_Brief_: An exact, complete copy of the entries is needed, with the pictures left out.
+===+
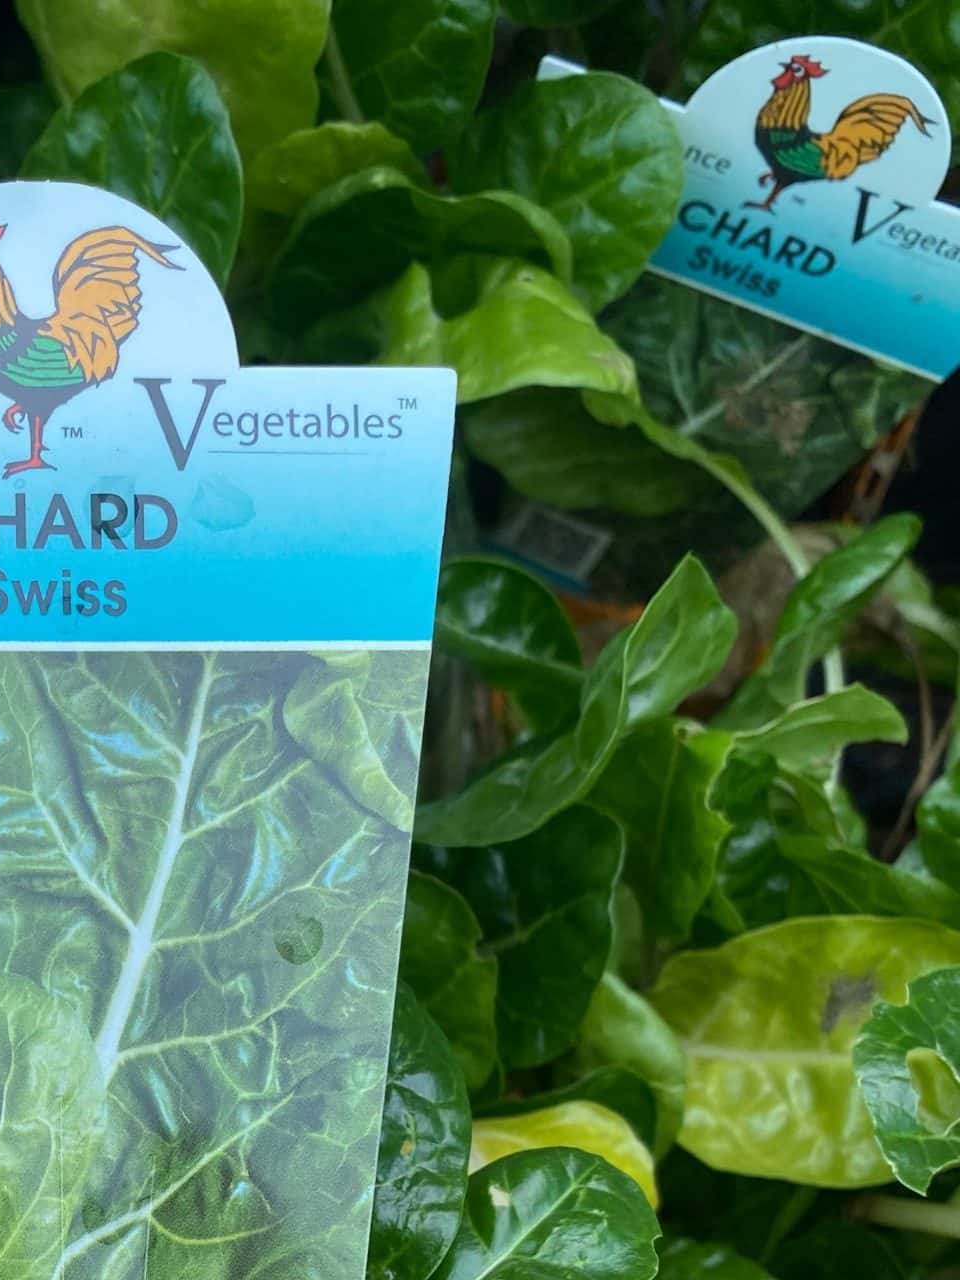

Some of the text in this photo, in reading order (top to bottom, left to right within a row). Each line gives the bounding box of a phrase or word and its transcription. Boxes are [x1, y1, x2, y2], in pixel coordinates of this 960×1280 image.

[678, 201, 837, 278] CHARD
[851, 186, 960, 264] Vegeta
[688, 246, 781, 299] Swiss
[132, 377, 403, 471] Vegetables
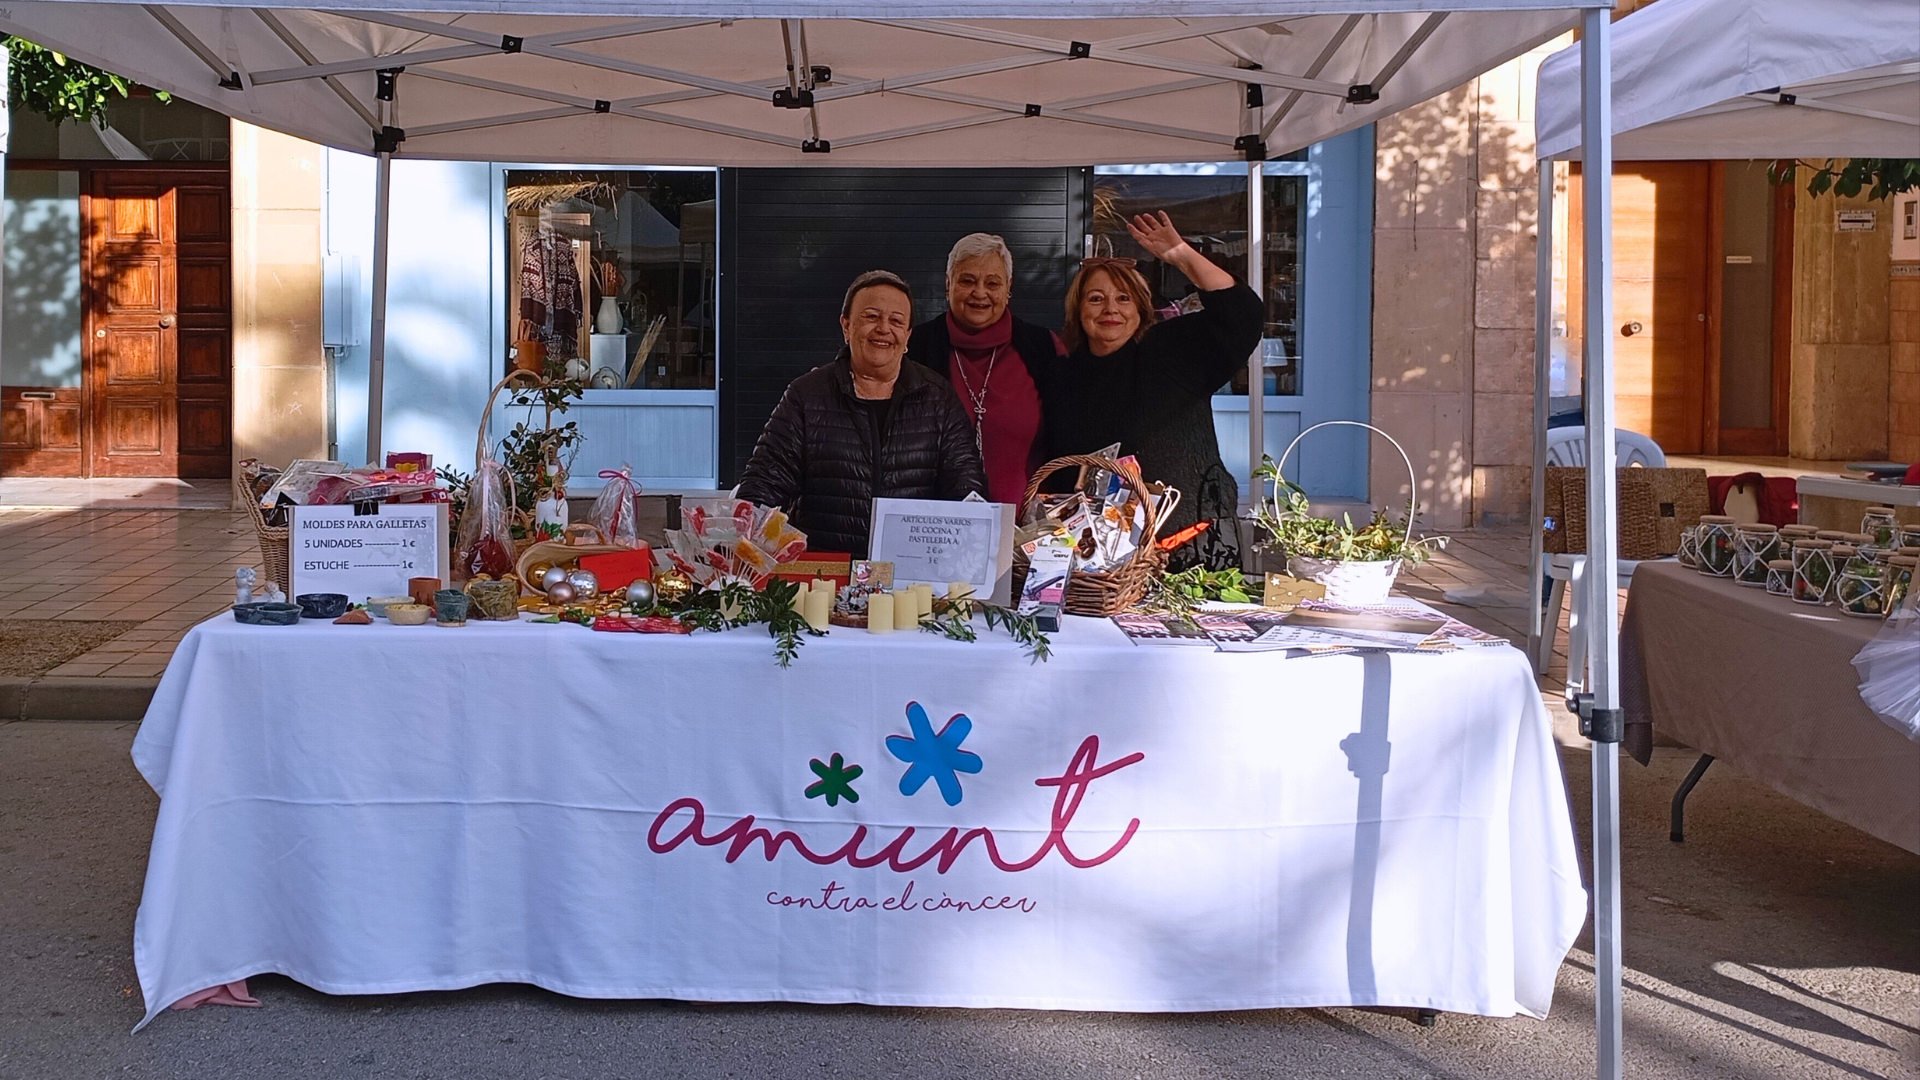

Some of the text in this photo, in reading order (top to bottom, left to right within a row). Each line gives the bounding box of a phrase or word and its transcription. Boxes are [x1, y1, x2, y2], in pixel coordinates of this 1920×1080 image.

[303, 520, 427, 529] MOLDES PARA GALLETAS
[901, 515, 972, 526] ARTÍCULOS VARIOS
[922, 526, 952, 534] COCINA
[304, 540, 310, 548] 5
[313, 539, 362, 548] UNIDADES
[402, 539, 407, 547] 1
[908, 534, 951, 544] PASTELERÍA
[926, 546, 931, 554] 2
[304, 561, 349, 570] ESTUCHE
[646, 733, 1146, 875] amunt
[766, 882, 1037, 913] contra el càncer
+===+
_Expected answer_:
Some of the text in this photo, in reading order (top to bottom, left to right within a row). Each line gives the bounding box of a phrase or word and its transcription. Boxes are [x1, y1, x2, y2], in pixel coordinates of this 960×1280 image.

[678, 201, 837, 278] CHARD
[851, 186, 960, 264] Vegeta
[688, 246, 781, 299] Swiss
[132, 377, 403, 471] Vegetables

Some of the text in this photo, in reading order (top to bottom, left to right within a row). Each line gives the bounding box of a phrase or word and its transcription. Boxes are [x1, y1, x2, y2], in pixel coordinates of this 1920×1080 image.

[303, 520, 427, 529] MOLDES PARA GALLETAS
[901, 515, 972, 526] ARTÍCULOS VARIOS
[922, 526, 952, 534] COCINA
[304, 540, 310, 548] 5
[313, 539, 362, 548] UNIDADES
[402, 539, 407, 547] 1
[908, 534, 951, 544] PASTELERÍA
[926, 546, 931, 554] 2
[304, 561, 349, 570] ESTUCHE
[646, 733, 1146, 875] amunt
[766, 882, 1037, 913] contra el càncer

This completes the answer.